Kate Winslet has admitted, “Sometimes I wake up in the morning before going off to a shoot, and I think, I can’t do this; I’m a fraud. They’re going to fire me—all these things. I’m fat; I’m ugly.”

Otis Skinner, one of the great 19th-century matinee idols, once told his daughter Cornelia “Any actor who claims he is immune to stage fright is either lying or else he’s no actor.”

These superstars are not alone. Michael Gambon, Meryl Streep, Kenneth Branagh, Richard Burton, Fredric March, Andrea Bocelli, Ewan McGregor, Steven Osborne, Derek Jacobi, Stephen Fry, Eileen Atkins, Maureen Stapleton, Ian Holm, Renee Fleming, Carly Simon, Marilyn Monroe, Ellen Terry, Rod Stewart, and Peter Eyre—even actor-trainers such as Lee Strasberg and Konstantin Stanislavsky—have suffered from varying degrees of stage fear.

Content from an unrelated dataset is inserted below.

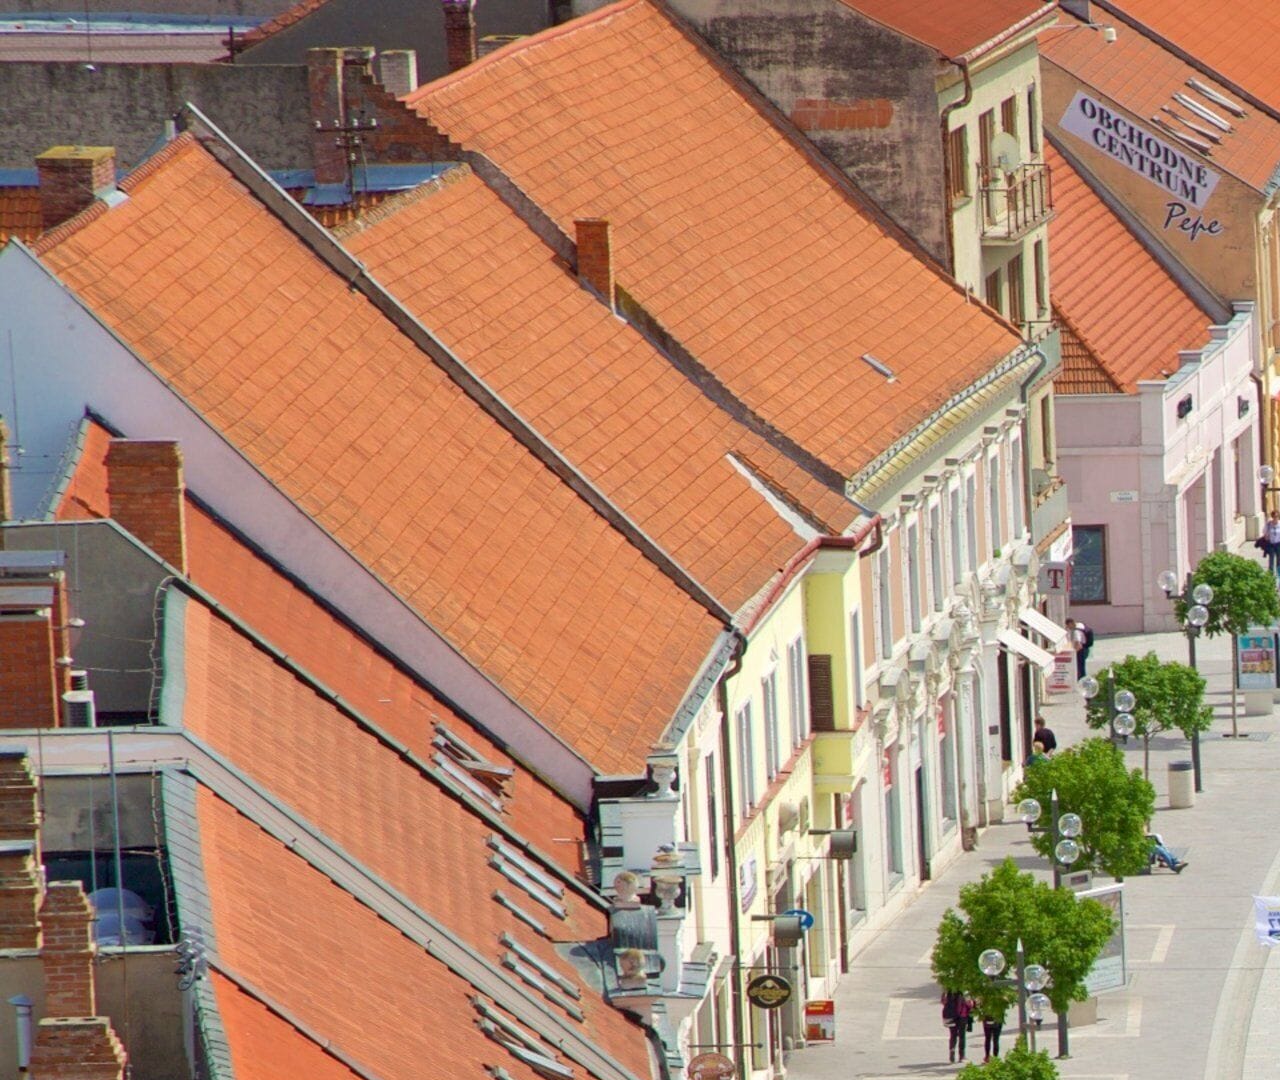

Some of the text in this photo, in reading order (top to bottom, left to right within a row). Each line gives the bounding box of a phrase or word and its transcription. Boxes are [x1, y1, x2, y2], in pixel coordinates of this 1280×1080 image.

[1092, 127, 1197, 204] CENTRUM
[1163, 202, 1221, 241] Pepe
[1047, 568, 1064, 589] T

Fear is a universal problem.

Give voice to your fear self-doubt & take action

Many icons suffer from stage fear, often from the weight of expectation that their reputations place upon them. They throw up, feel paralyzed, or break into cold sweats. Adele once got so unnerved that she escaped from the fire exit at an Amsterdam concert venue.

Consider actor Laurence Olivier, who suffered stage fright even in his sixties when he was the world’s most revered stage performer. Even at the pinnacle of his fame, the National Theatre’s stage manager had to prod Olivier onstage every night.

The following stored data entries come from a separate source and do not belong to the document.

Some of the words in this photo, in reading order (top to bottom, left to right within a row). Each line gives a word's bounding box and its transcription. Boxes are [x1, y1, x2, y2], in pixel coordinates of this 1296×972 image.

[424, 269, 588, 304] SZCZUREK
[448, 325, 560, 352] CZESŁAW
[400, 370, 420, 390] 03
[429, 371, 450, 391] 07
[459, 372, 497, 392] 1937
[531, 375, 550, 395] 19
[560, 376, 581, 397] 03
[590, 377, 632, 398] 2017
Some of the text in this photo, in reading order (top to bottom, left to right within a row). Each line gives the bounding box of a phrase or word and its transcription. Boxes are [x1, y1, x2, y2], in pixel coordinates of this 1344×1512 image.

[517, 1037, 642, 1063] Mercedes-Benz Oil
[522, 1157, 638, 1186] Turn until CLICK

Laurence Olivier suffered five years of agonizing dread following a press night in 1964, when he found his voice diminishing and the audience “beginning to go giddily round.” He developed strategies. When delivering his Othello soliloquies, he asked his Iago to stay in sight, fearing, “I might not be able to stay there in front of the audience by myself.” He asked actors not to look him in the eye: “For some reason, this made me feel that there was not quite so much loaded against me.” The venerable Sybil Thorndike gave him trenchant counsel: “Take drugs, darling, we do.”

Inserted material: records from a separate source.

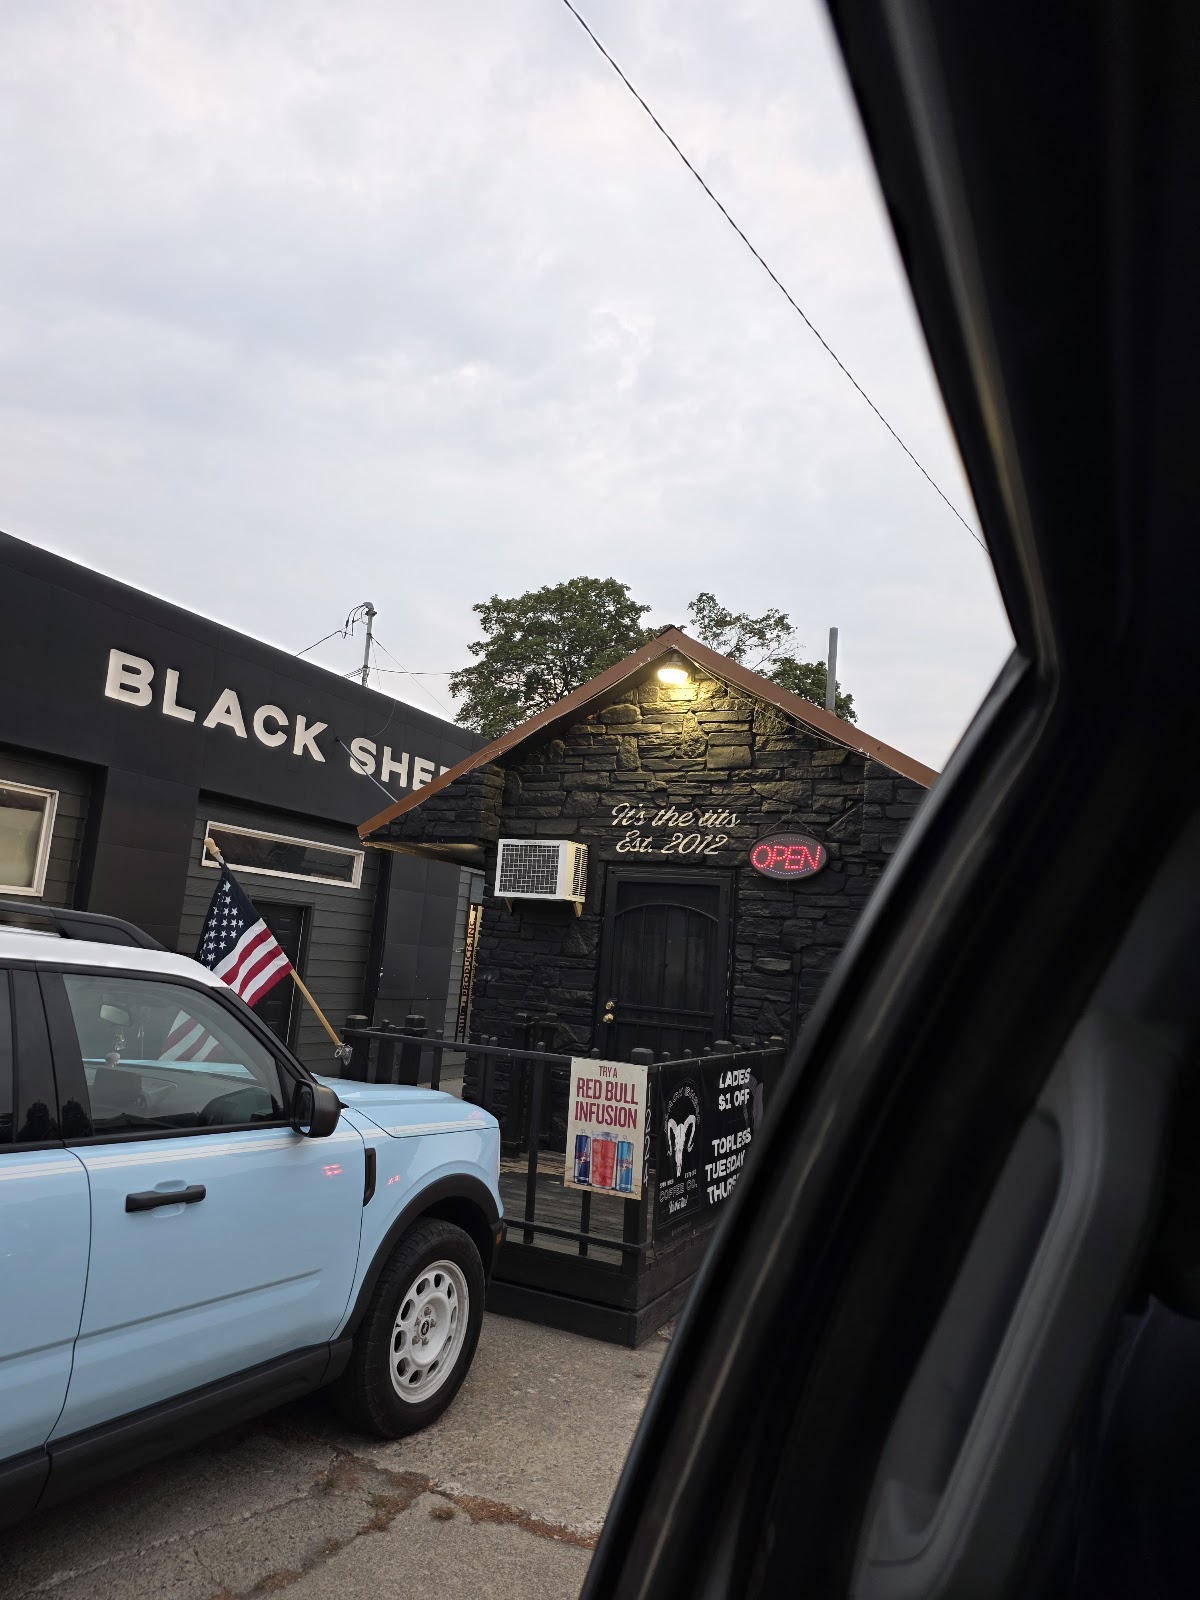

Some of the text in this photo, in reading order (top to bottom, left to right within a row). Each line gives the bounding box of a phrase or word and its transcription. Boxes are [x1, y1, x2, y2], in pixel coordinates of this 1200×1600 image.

[104, 648, 329, 763] BLACK
[611, 802, 740, 828] It's the tits
[616, 830, 728, 855] Est. 2012
[752, 845, 821, 869] OPEN
[599, 1065, 618, 1078] TRY A
[576, 1077, 639, 1105] RED BULL
[718, 1089, 750, 1112] $1 OFF
[574, 1101, 638, 1130] INFUSION
[643, 1082, 652, 1187] 1224
[711, 1128, 752, 1156] TOPLESS
[659, 1183, 685, 1203] COFFEE
[707, 1173, 740, 1204] THURS

As a sidebar, when Olivier made his stage debut playing Brutus at a choir school in London, Thorndike was in the audience. After seeing Olivier on stage for just five minutes, she turned to her husband. She declared, “But this is an actor—absolutely an actor. Born to it.”

Focus on what needs to be done & break the shell of fear and self-doubt

Some of our most admired icons experienced self-doubt—even Abraham Lincoln and Mahatma Gandhi. What distinguishes most successful people is that they engage their fear. They accept that diffidence and adrenalin rush are something that they must deal with.

Interestingly enough, it’s often the mature performer, not the novice, who’s most likely to succumb to a seizure of nerves. However, superstars know in their heart of hearts that fear of inadequacy isn’t shameful. It’s normal. It’s part of the profession. It’s human.

Successful people know how to turn anxiety into energy. They take steps to minimize adverse effects. Through action, they transform their fear into vitality. Fear becomes fuel. They refuse to let their fears get in the way of their goals and success. They overcome fear through the love of the work and channel the sense of the audience’s or constituency’s expectation and goodwill into their best performance.

Idea for Impact: Don’t Fear it, Embrace it.

It’s natural to feel apprehensive when embarking on any venture. Don’t drown in a sea of self-doubt.

Overconfidence can take the edge off the feeling that you need to work hard. It’s ironic that high self-confidence, so often advised as the cure for low achievement, can cause it.

Fear invites you to work harder on your methods, strategies, and skills. It’s undoubtedly more preferable than the alternative. High self-esteem and overconfidence can lead to complacency and no growth. As Nobel laureate Kazuo Ishiguro reminds in The Remains of the Day (1989,) “If you are under the impression you have already perfected yourself, you will never rise to the heights you are no doubt capable of.”

Focus on turning your fears into positive motivators to improve your work. Action transforms anxiety into energy. The “angels” want you to succeed.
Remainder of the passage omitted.